Anos atrás, eu estava na garagem do Darlington Raceway conversando com David Pearson, Bobby Allison e Cale Yarborough. Todos os três estão entre os maiores pilotos do NASCAR história. Todos os três já haviam se aposentado como pilotos há muito tempo, mas só recentemente desistiram de tentar ser donos de equipes da Cup Series, pois a experiência os destruiu financeiramente.
Yaborough me disse: “Você está olhando para três dinossauros da NASCAR”.
Pearson riu e respondeu: “Mas estamos melhor do que os dinossauros porque ainda estamos aqui”.
Quando perguntei o que eles descobriram e os dinossauros não, Allison explicou: “Fomos inteligentes o suficiente para perceber que éramos dinossauros e saímos do maldito caminho antes de sermos extintos”.
Na tarde de quinta-feira, em um tribunal de Charlotte, outro dinossauro da NASCAR saiu do caminho.
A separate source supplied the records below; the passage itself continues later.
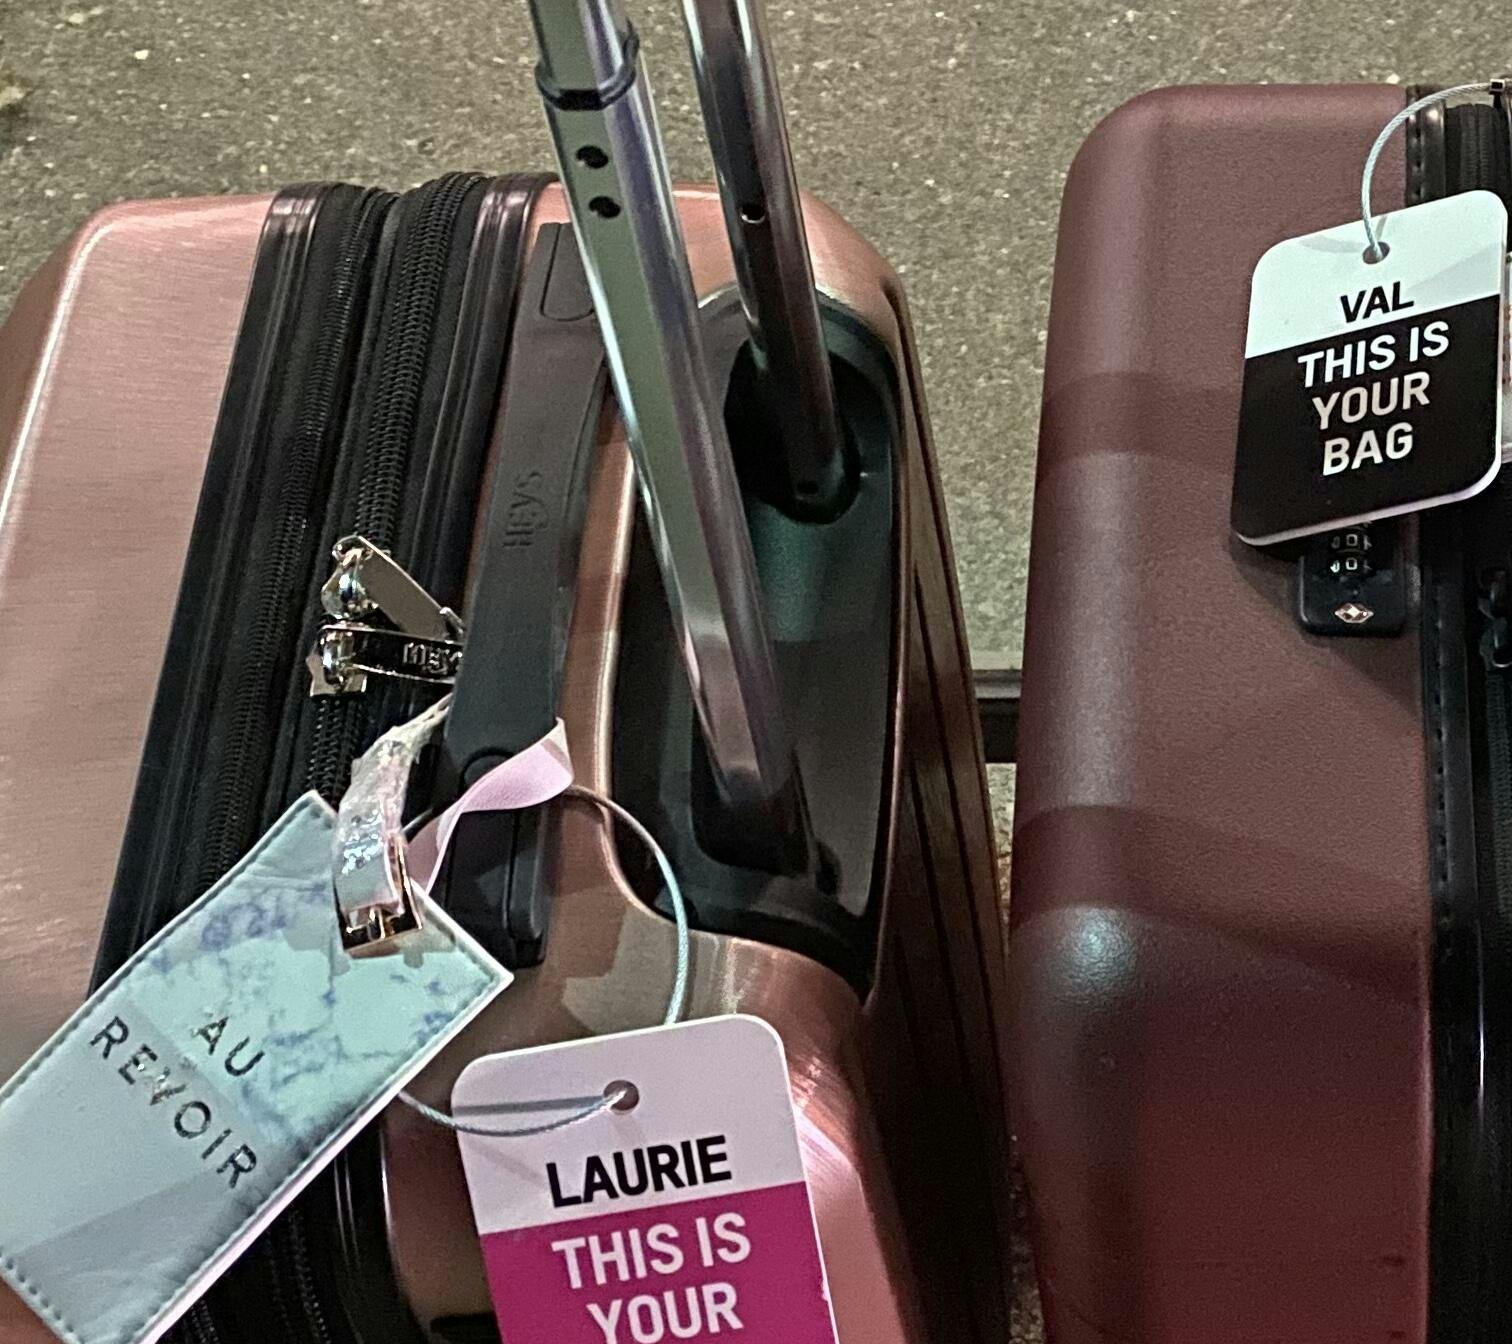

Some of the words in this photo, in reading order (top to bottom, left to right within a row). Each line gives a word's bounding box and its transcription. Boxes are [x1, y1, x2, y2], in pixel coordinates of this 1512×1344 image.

[1340, 281, 1415, 323] VAL
[1298, 334, 1396, 388] THIS
[1409, 321, 1450, 362] IS
[1312, 371, 1431, 430] YOUR
[1322, 422, 1414, 476] BAG
[192, 1016, 265, 1077] AU
[89, 1016, 258, 1188] REVOIR
[546, 1135, 732, 1208] LAURIE
[551, 1223, 684, 1289] THIS
[696, 1212, 751, 1267] IS
Como uma ação antitruste contra a NASCAR, movida pela 23XI Racing, copropriedade de Michael Jordan e três vezes vencedora do Daytona 500 Denny Hamline Front Row Motorsports (FRM), começaram a abrir caminho no final de sua segunda semana, os dois lados anunciaram que eles chegaram a um acordo.
Como os detalhes do acordo ainda eram revelados ao final da tarde, não havia dúvidas de que a vitória pertencia às equipas sobre o órgão sancionador, porque já sabíamos que o seu objetivo final tinha sido alcançado. No final das contas, tratava-se de sua luta pela NASCAR para tornar os estatutos de equipes, o mais próximo possível das franquias de stick-and-ball, das corridas de stock car, permanentes – ou como seu advogado Jeffrey Kessler descreveu, “evergreen” – em oposição a um modelo de contrato a contrato, renovado em conjunto com os enormes acordos de direitos de mídia da NASCAR.
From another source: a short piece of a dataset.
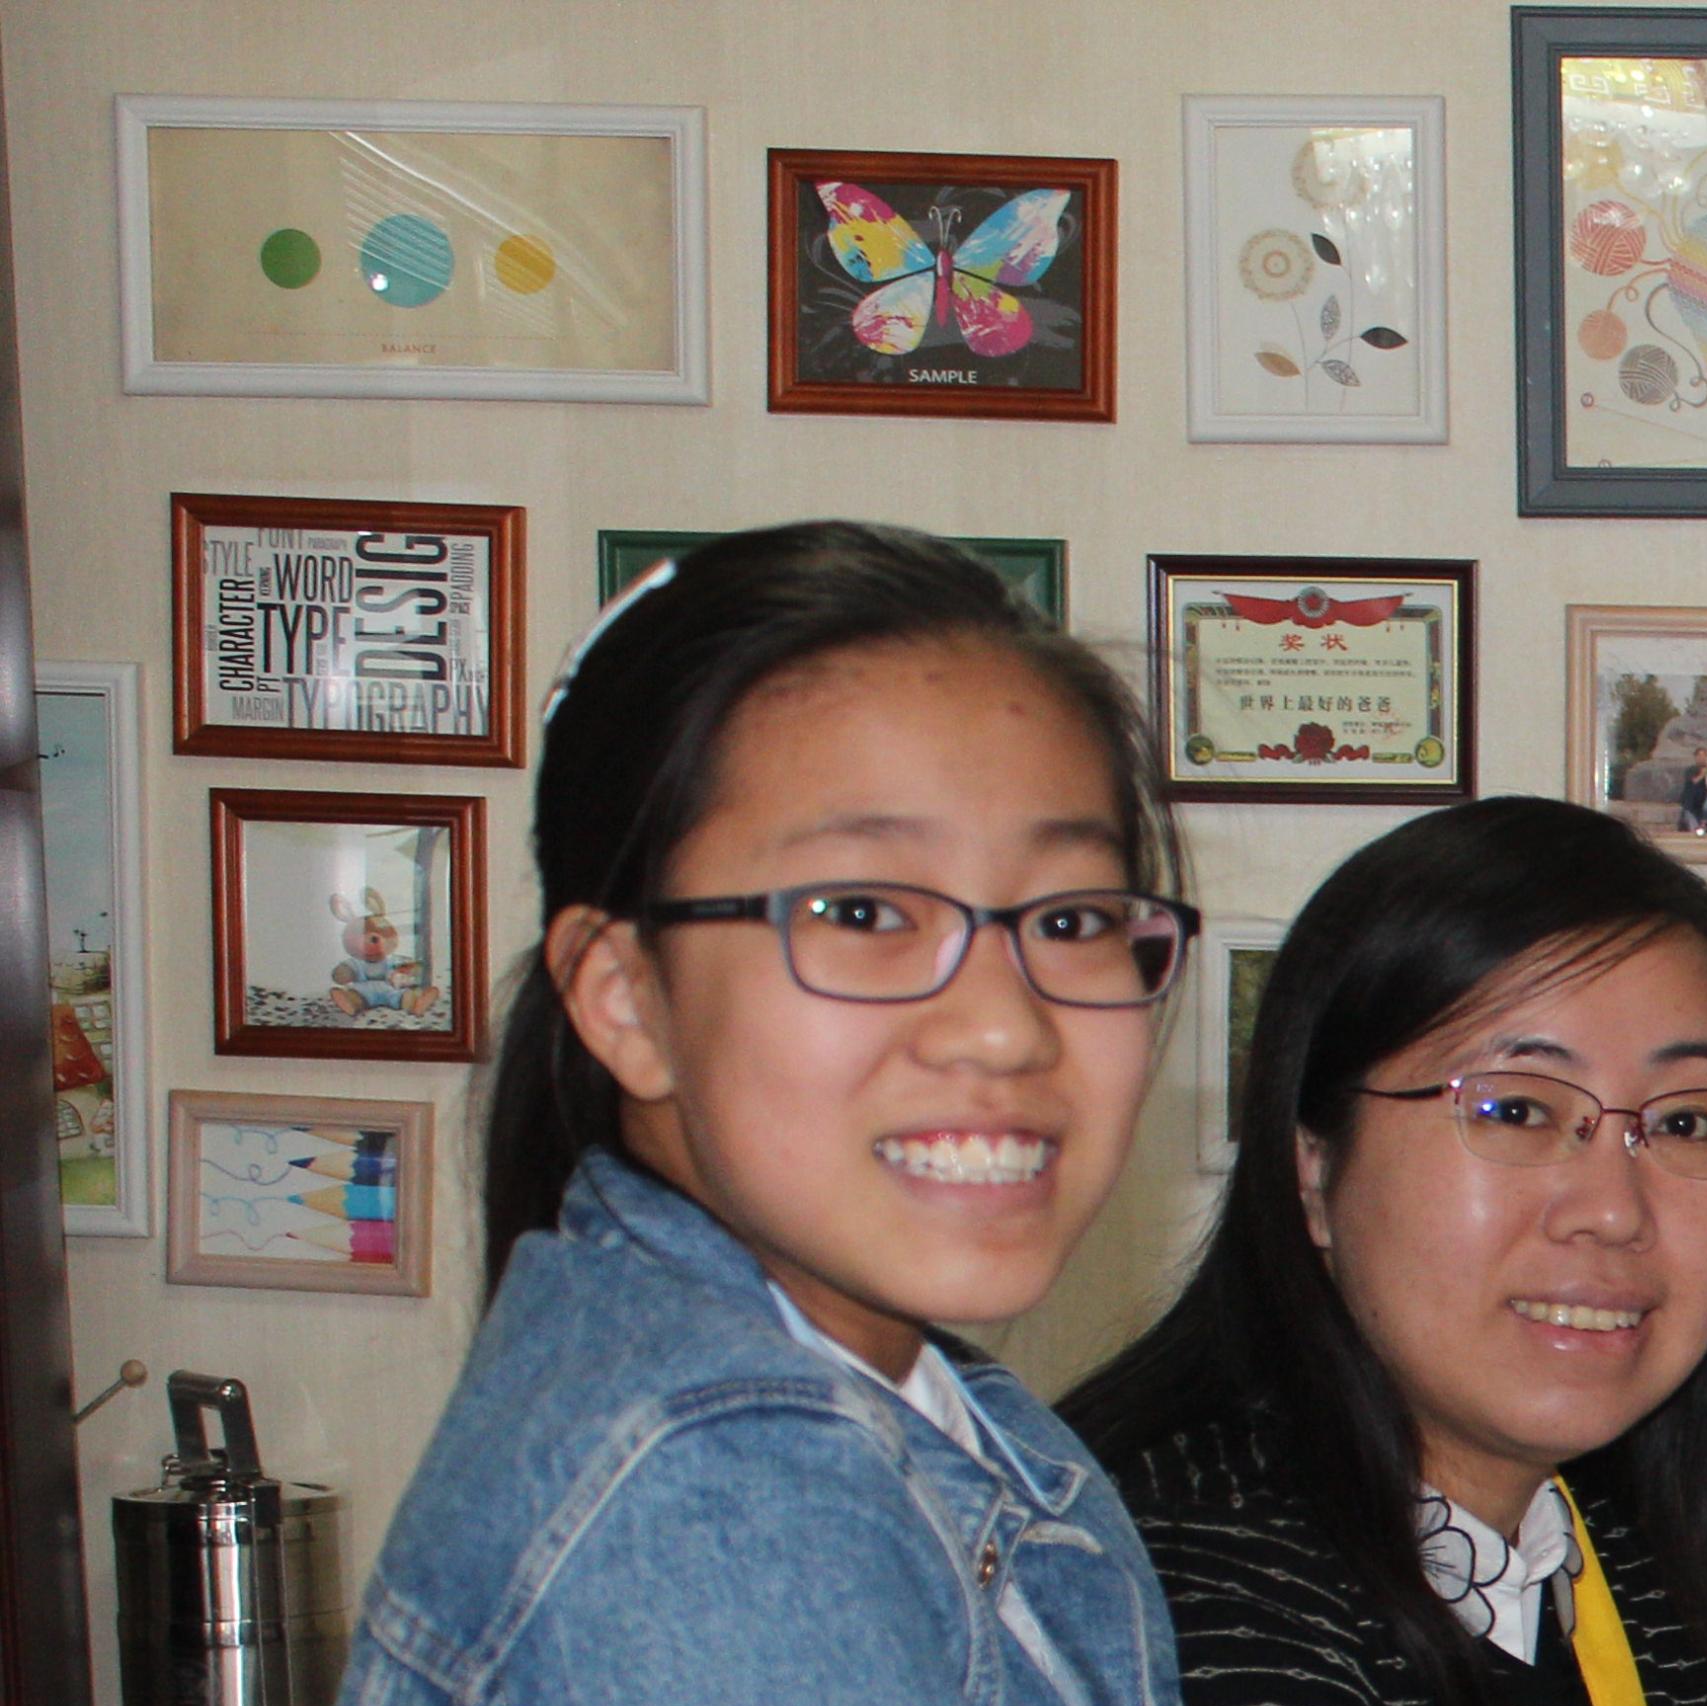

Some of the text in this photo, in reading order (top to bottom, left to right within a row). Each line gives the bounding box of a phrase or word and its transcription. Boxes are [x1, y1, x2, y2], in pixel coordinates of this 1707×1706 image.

É muito difícil encontrar alguém no paddock da Cup Series que não acredite que esta seja a decisão certa. Na verdade, todos os times na garagem da Cup Series já estiveram com 23XI e FRM, embora eventualmente cedessem e estivessem dispostos a deixar essas duas equipes seguirem em frente com a luta sozinhas. Eles venceram aquela luta e, como resultado, todos os proprietários de equipes da NASCAR que tiveram a sorte de ter um desses 40 charters também venceram. Ninguém chama isso de franquia, mas é essencialmente o que é agora, em linha com o modelo de negócios de quase todos os outros esportes das grandes ligas, como a casa de longa data da Jordânia, o NBA.
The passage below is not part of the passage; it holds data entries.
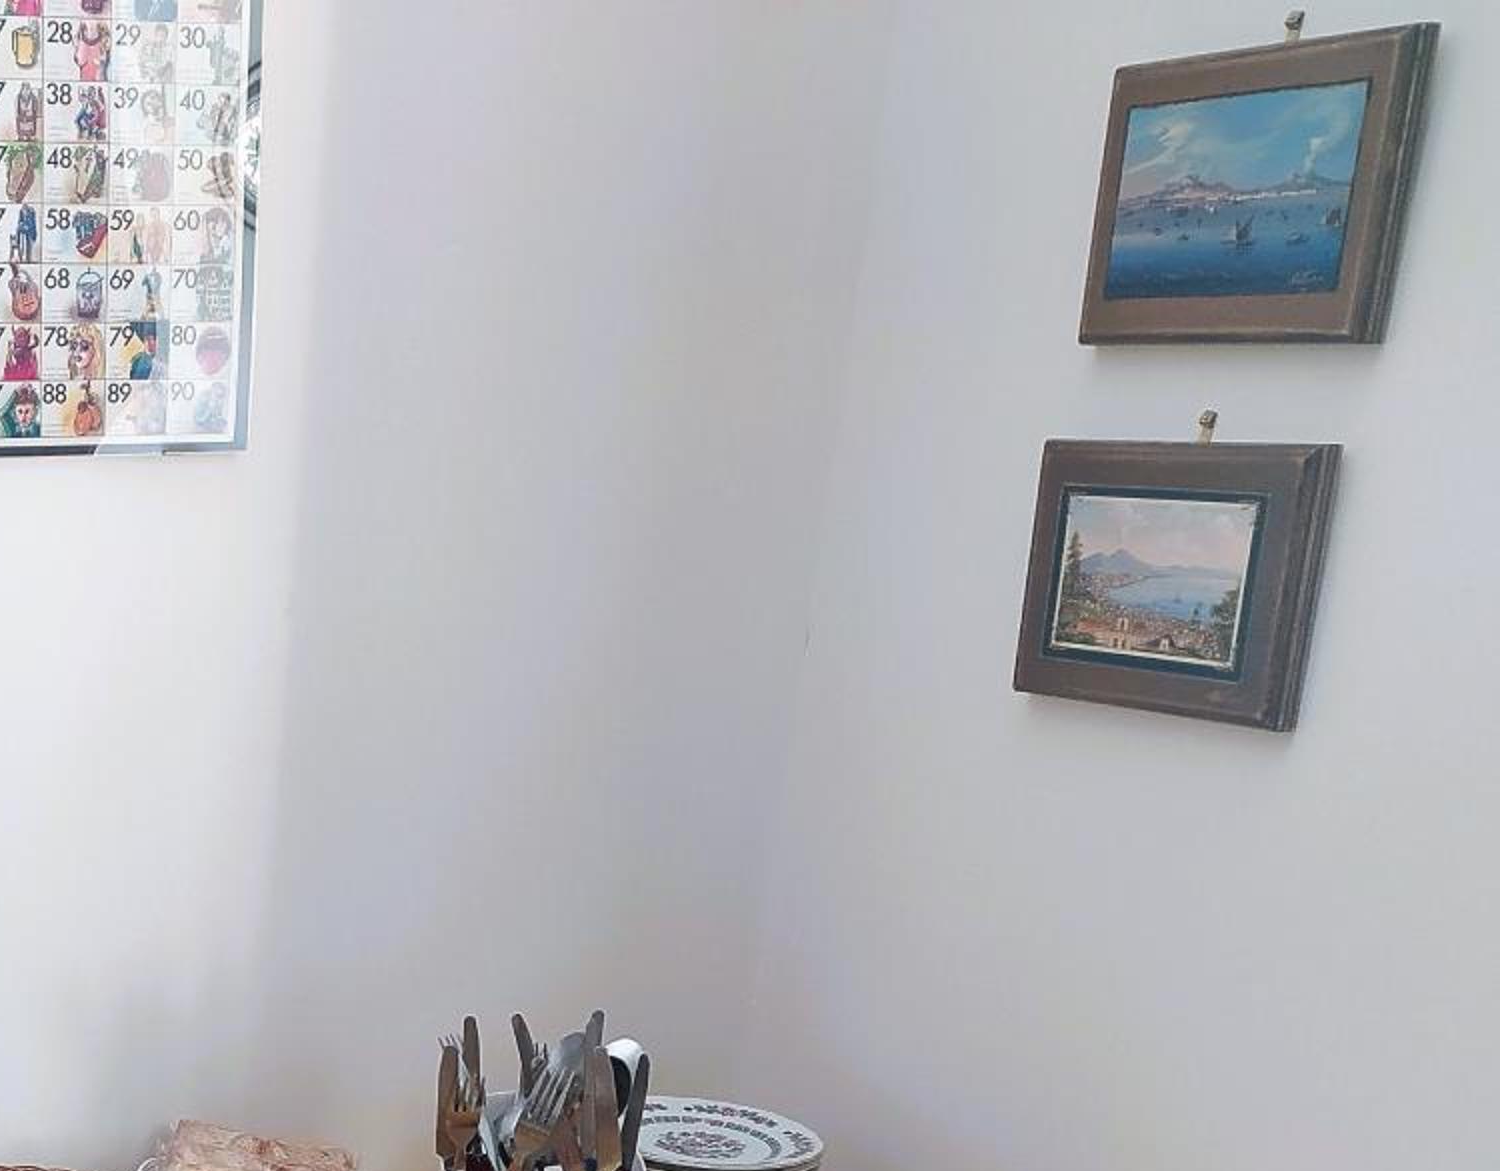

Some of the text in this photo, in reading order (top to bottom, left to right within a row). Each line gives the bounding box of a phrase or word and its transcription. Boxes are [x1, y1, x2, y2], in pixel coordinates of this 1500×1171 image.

[47, 21, 72, 43] 28
[116, 24, 141, 46] 29
[180, 27, 205, 48] 30
[47, 83, 72, 105] 38
[114, 88, 138, 109] 39
[180, 90, 205, 111] 40
[47, 147, 72, 169] 48
[113, 148, 138, 170] 49
[178, 150, 202, 171] 50
[46, 209, 71, 231] 58
[110, 209, 135, 231] 59
[174, 210, 199, 231] 60
[45, 268, 70, 289] 68
[110, 269, 135, 289] 69
[173, 270, 196, 289] 70
[44, 326, 69, 346] 78
[110, 326, 133, 346] 79
[172, 325, 195, 344] 80
[44, 384, 67, 404] 88
[109, 383, 132, 403] 89
[172, 382, 195, 401] 90
NASCAR perdeu essa luta. À medida que o julgamento avançava, uma derrota começou a parecer inevitável, pela mesma razão que Jordan e a sua equipa acreditavam que o último acordo de fretamento, aquele que se recusaram a assinar em Setembro de 2024, era insatisfatório. Uma razão sobre a qual todos naquela garagem, incluindo o comissário e o presidente da NASCAR, já tinham falado a portas fechadas – e em e-mails e textos que foram revelados durante e em torno do julgamento – mas ninguém falou publicamente até que o processo os obrigou a fazê-lo.
A porta para o futuro estava sendo bloqueada por um dinossauro.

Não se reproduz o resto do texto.